Die Ironie deines Lebens ist, dass du dich schuldig fühlst, weil du schreibst, und schuldig fühlst, weil du nicht genug schreibst. Du willst veröffentlichen, aber du willst, dass niemand es liest. Du willst geliebt werden, aber nur aus sicherer Entfernung. Du willst leben, aber du lebst hauptsächlich nachts, in Texten, in Briefen.
Hier ist mein Rat – und ich weiß, du wirst ihn ignorieren, weil du ich bist: Schreib weiter. Veröffentliche mehr. Verbrenne weniger. Die Angst, nicht gut genug zu sein, ist nur ein weiteres bürokratisches Hindernis. Du bist Experte für solche Hindernisse. Geh einfach am Schalter vorbei.
Und wenn Max Brod fragt, ob er deine Manuskripte verbrennen soll – sag: "Nein." Spar dir die Schuld, die du später empfinden wirst, weil er es nicht getan hat.
In fragmentarischer Selbsterkenntnis und mit der Gewissheit, dass du diesen Brief wahrscheinlich nicht öffnest,
Franz KafkaSchriftsteller wider Willen, Versicherungsangestellter aus Notwendigkeit, Käfer aus Versehen
PS: Gregor Samsa ist keine Allegorie für dich. Oder doch. Oder vielleicht nur manchmal. Die Deutungshoheit überlasse ich der Nachwelt. Sie wird sich ohnehin nicht einigen.

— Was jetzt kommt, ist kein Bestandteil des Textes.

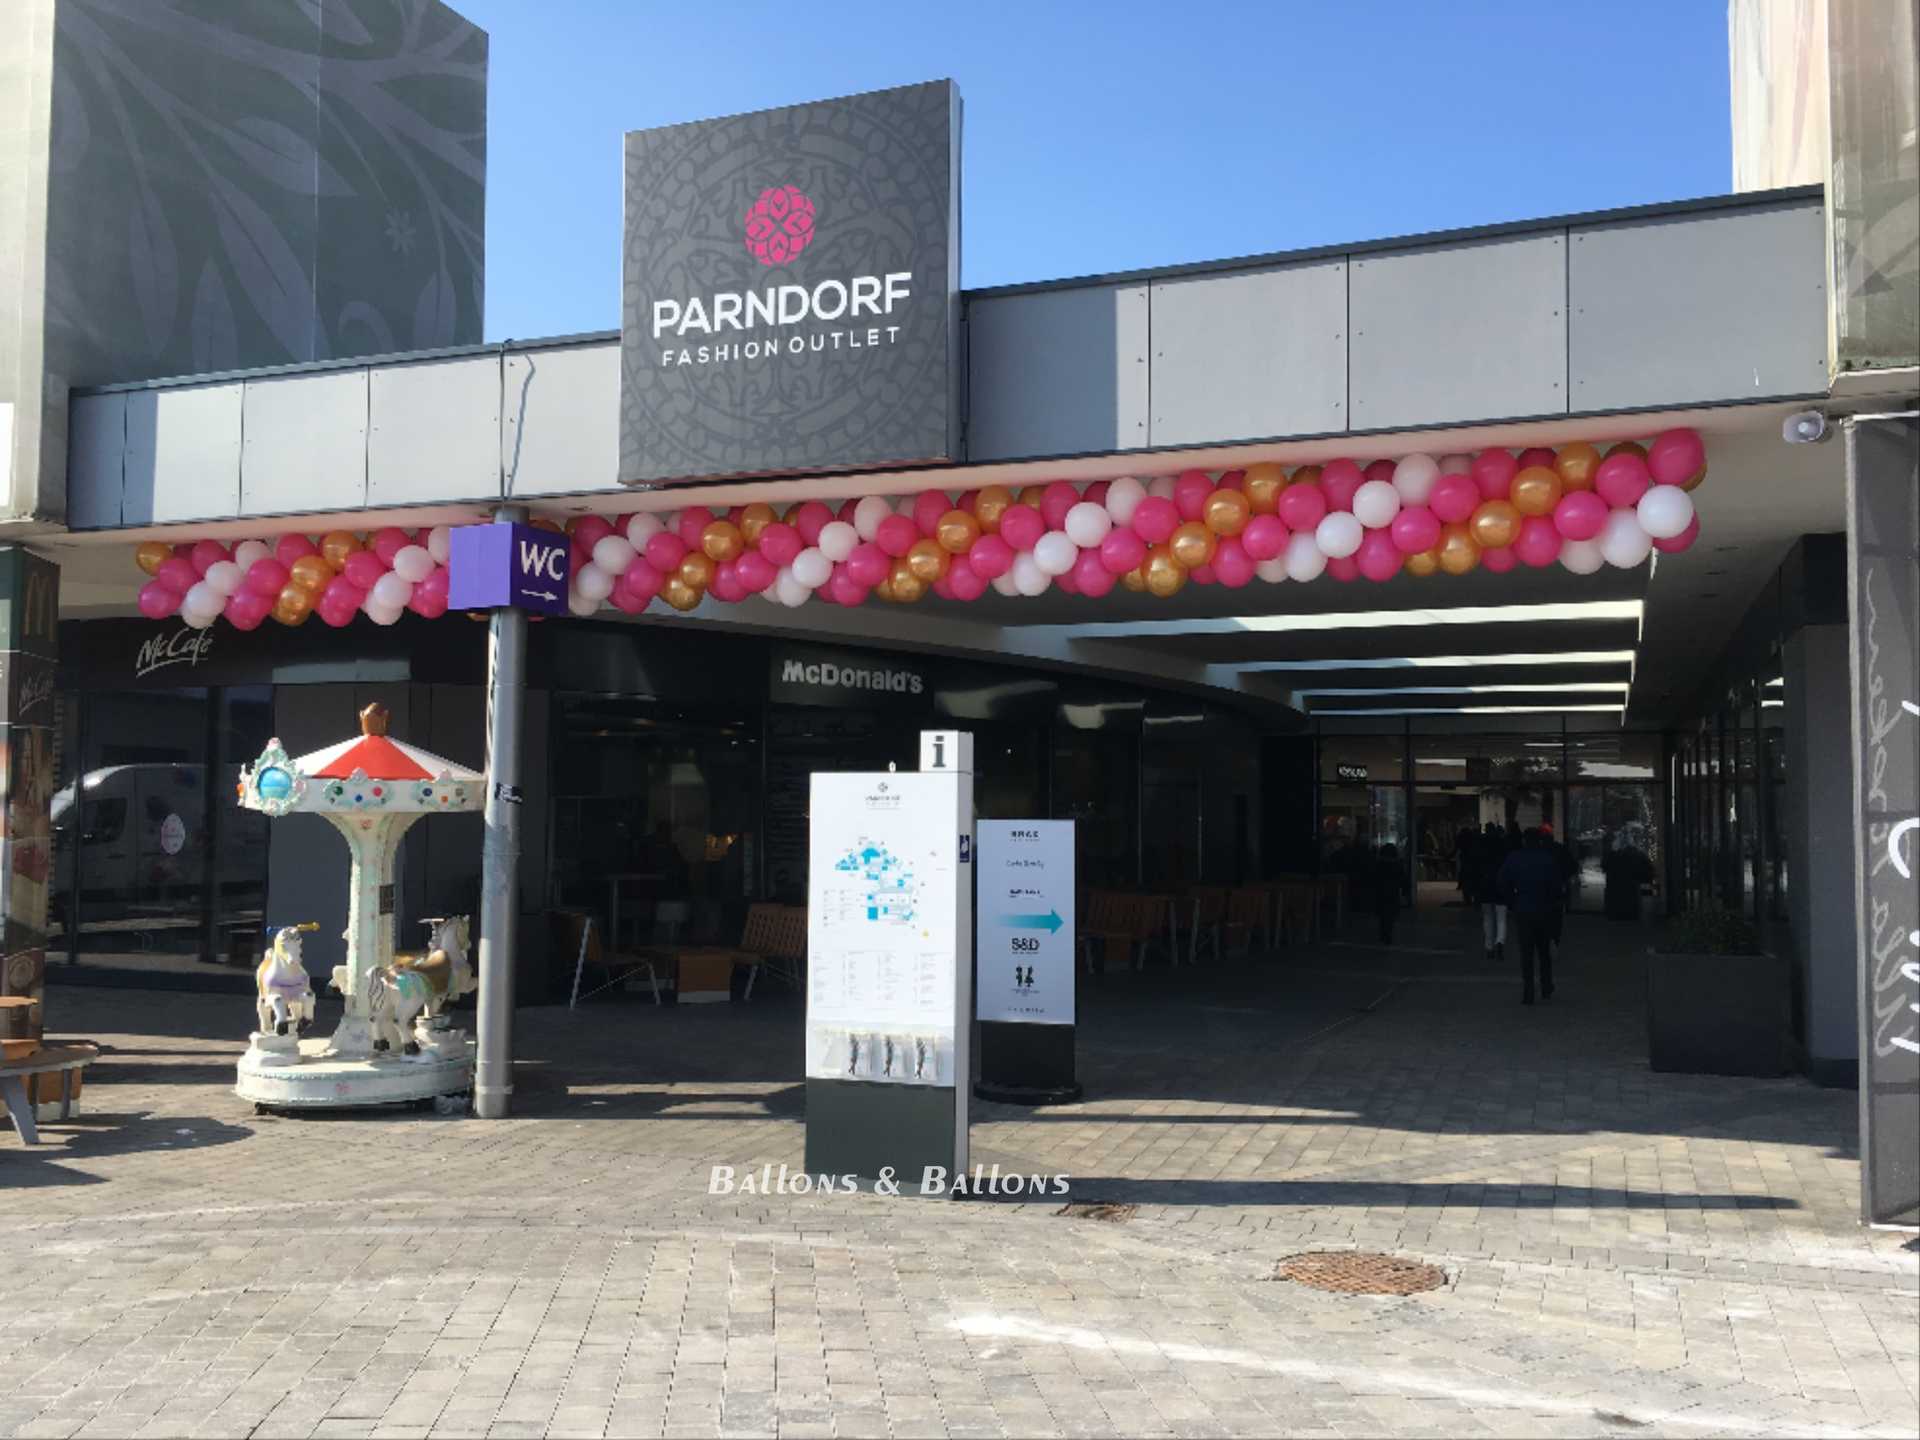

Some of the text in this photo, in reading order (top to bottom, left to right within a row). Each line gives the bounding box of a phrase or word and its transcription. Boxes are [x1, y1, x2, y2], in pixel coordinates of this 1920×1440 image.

[653, 272, 912, 339] PARNDORF
[662, 326, 901, 366] FASHION OUTLET
[520, 540, 565, 581] WC
[782, 660, 924, 694] McDonald's
[932, 735, 946, 768] i
[1011, 937, 1040, 951] S&D

PPS: Dieser Brief wird nie ankommen. Oder du öffnest ihn nicht. Oder du liest ihn und zweifelst daran, ob du ihn geschrieben hast. Das ist sehr passend. Kafka schreibt an Kafka, und niemand ist sich sicher, ob die Nachricht ankommt. Das ist keine Metapher. Oder doch. Ich bin mir nicht sicher.

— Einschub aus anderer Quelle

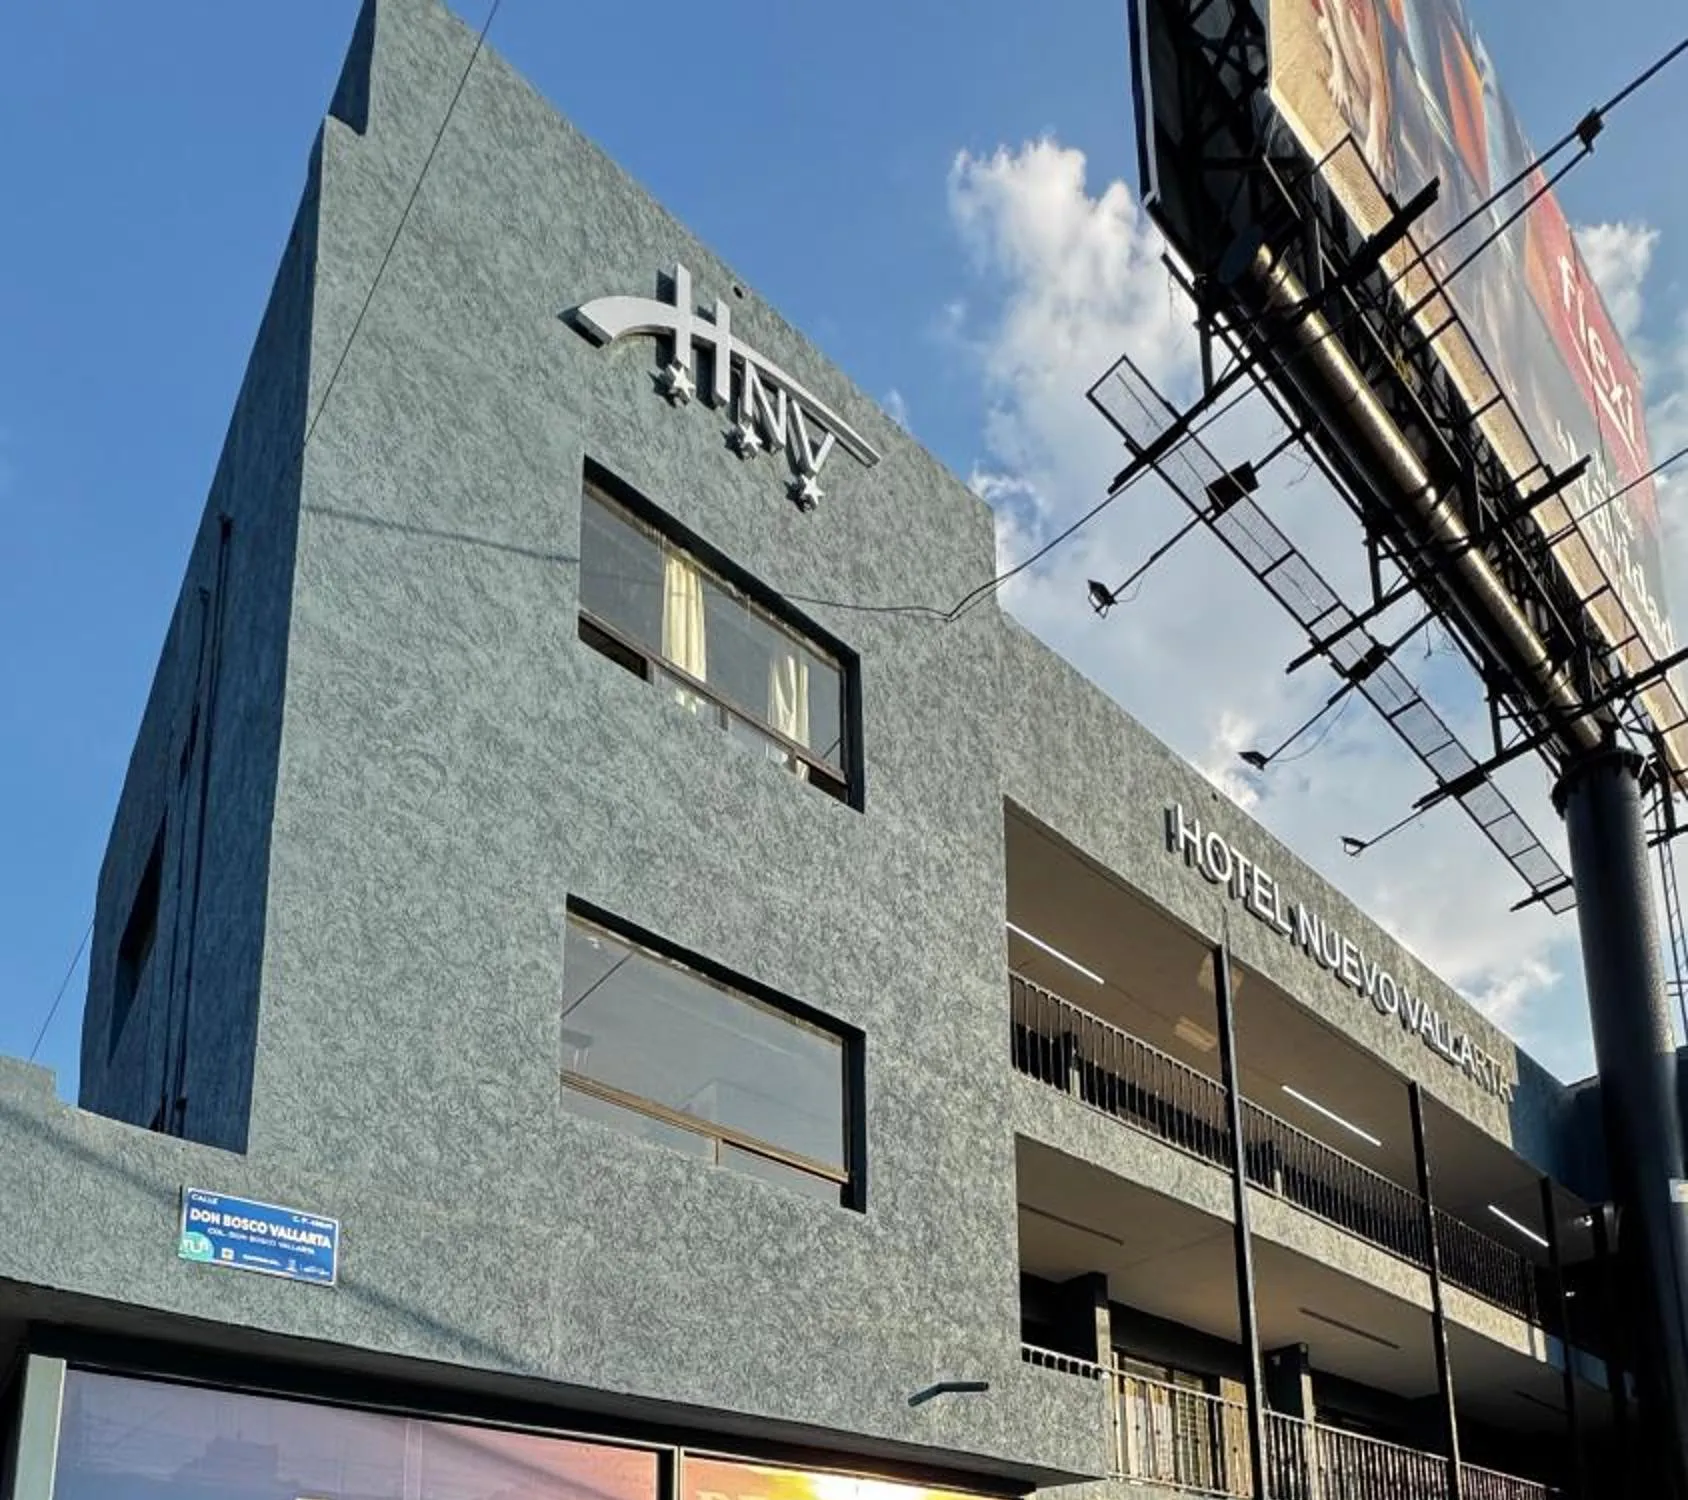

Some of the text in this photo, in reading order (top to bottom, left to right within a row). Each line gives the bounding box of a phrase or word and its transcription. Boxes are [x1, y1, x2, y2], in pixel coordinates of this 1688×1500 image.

[1174, 803, 1514, 1102] HOTEL NUEVO VALLARTA
[190, 1207, 221, 1225] DON
[223, 1213, 267, 1235] BOSCO
[269, 1222, 332, 1249] VALLARTA

[Anmerkung des Herausgebers: Dieser Brief wurde ungeöffnet in Kafkas Nachlass gefunden. Neben einem Zettel mit der Aufschrift: "Wahrscheinlich wichtig. Vielleicht später öffnen. Oder vernichten. Oder beides."]

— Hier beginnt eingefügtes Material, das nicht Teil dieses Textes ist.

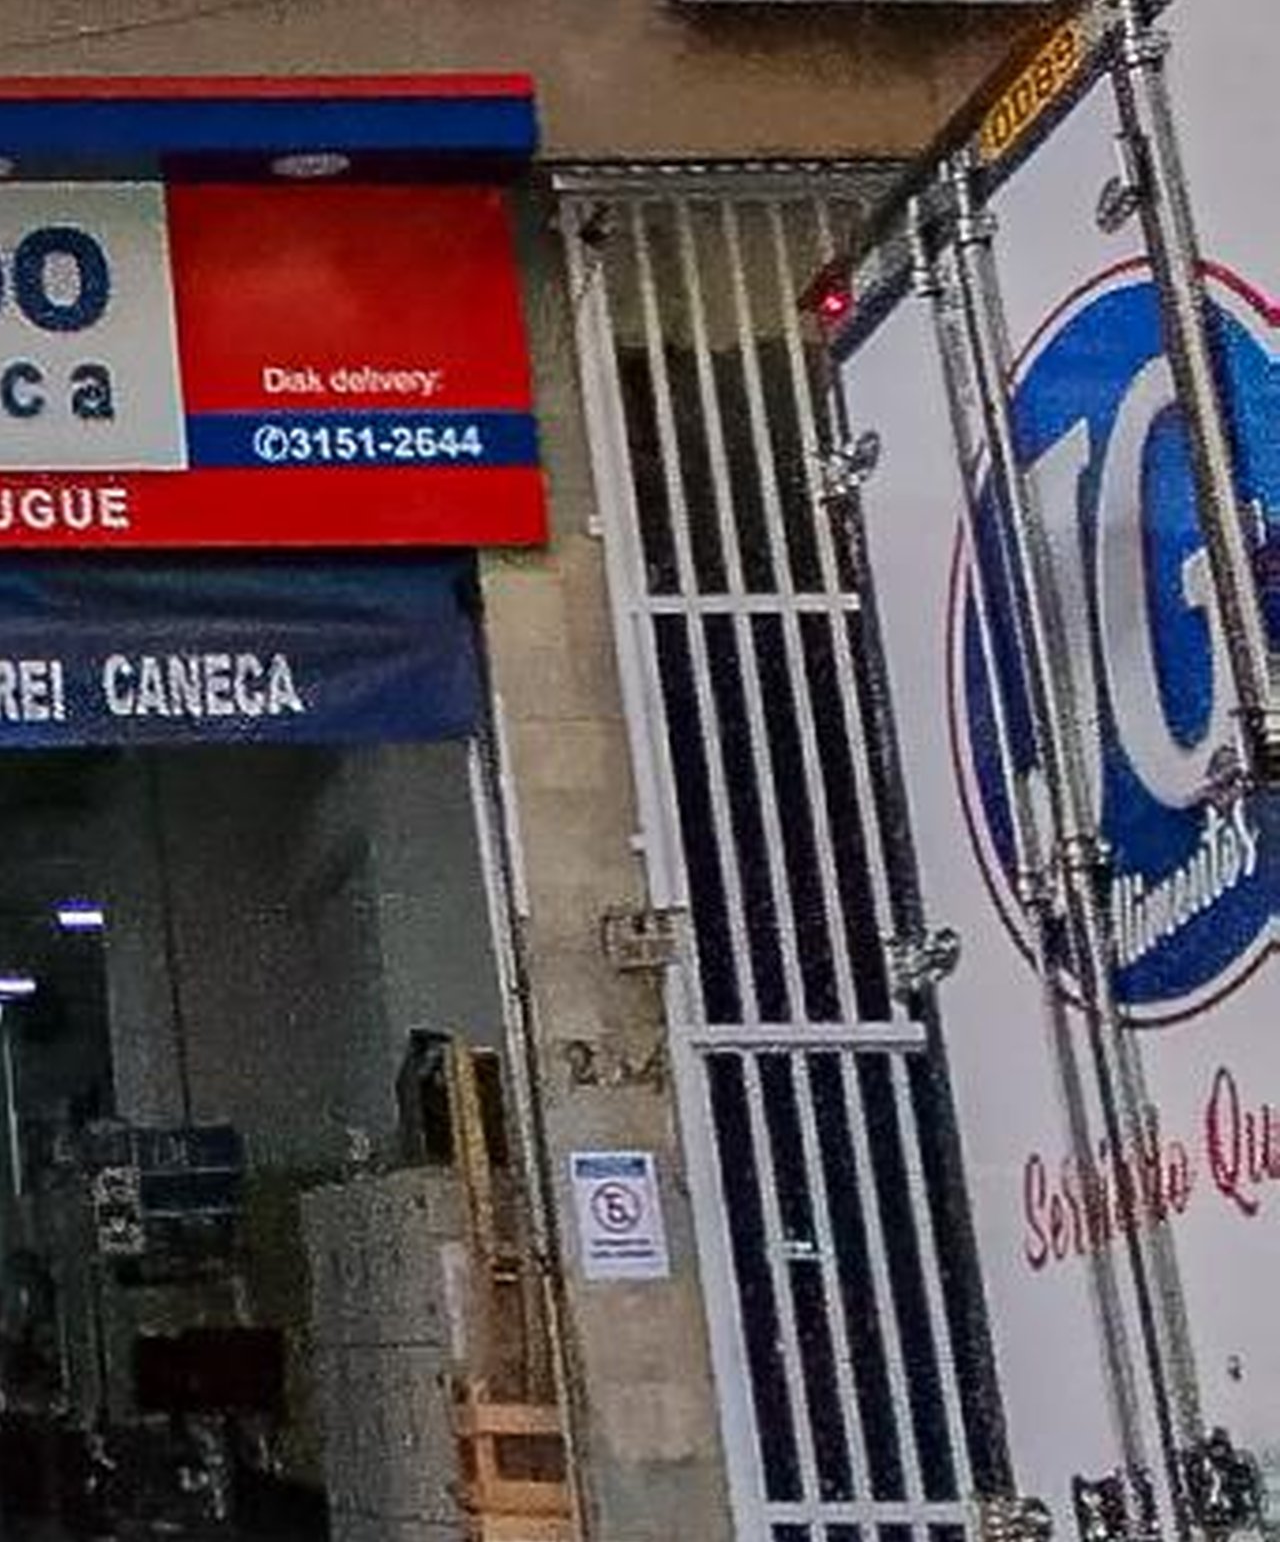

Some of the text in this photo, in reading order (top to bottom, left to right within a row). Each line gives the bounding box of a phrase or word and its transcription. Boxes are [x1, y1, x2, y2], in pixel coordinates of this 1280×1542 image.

[263, 366, 441, 396] Disk delivery:
[289, 426, 482, 460] 3151-2644
[102, 653, 305, 718] CANECA

Von: V.v.G., Patient, Heilanstalt Saint-Paul-de-Mausole, Saint-RémyAn: V.v.G., gescheiterter Prediger, BorinageBetreff: Dringende Mitteilung von deinem zukünftigen Ich (lies das, bevor du zum Pinsel greifst!)
Lieber junger Vincent,
ich schreibe dir aus dem Jahr 1889 (aber ich bin bereits auf der anderen Seite der Zeit; manche nennen es die Gefilde der Seligen; andere nennen es eine Spielart der Hölle), aus einer Nervenheilanstalt in der Provence, und bevor du jetzt denkst, dies sei wieder nur einer dieser religiösen Anfälle, die dich heimsuchen, wenn du zu lange über die Bergpredigt nachgrübelst – nein, ich bin tatsächlich du, nur neun Jahre älter, erheblich instabiler und mit einem Ohr weniger. Die Geschichte mit dem Ohr ist kompliziert. Lass uns sagen: Gauguin war beteiligt, ein Rasiermesser auch, und die künstlerische Inspiration hatte definitiv ihre Grenzen überschritten.
Die gute Nachricht: Du wirst malen. Unglaublich viel. Fast zweitausend Werke in zehn Jahren. Die schlechte: Zu deinen Lebzeiten verkaufst du genau eines davon – "Der rote Weinberg" für 400 Francs an Anna Boch. Das ist nicht mal genug für die Farbe, die du dafür verbraucht hast. Die Ironie wird später so dick sein, dass man sie mit einem Spachtel auftragen könnte.
Was du forcieren solltest (mit der Intensität deiner gelben Farbe):
Erstens: Hör auf, Prediger werden zu wollen! Du versuchst gerade verzweifelt, die Menschen zu retten – als Hilfsprediger im belgischen Kohlebecken, als Missionar, als religiöser Eiferer. Das Problem: Die Menschen wollen nicht von jemandem gerettet werden, der selbst am Ertrinken ist. Die Bergarbeiter im Borinage finden dich seltsam. Die Kirche findet dich ungeeignet. Beide haben recht – aber aus den falschen Gründen. Du bist nicht fürs Predigen gemacht. Du bist fürs Malen gemacht. Der Unterschied ist: Predigten vergisst man. Bilder nicht.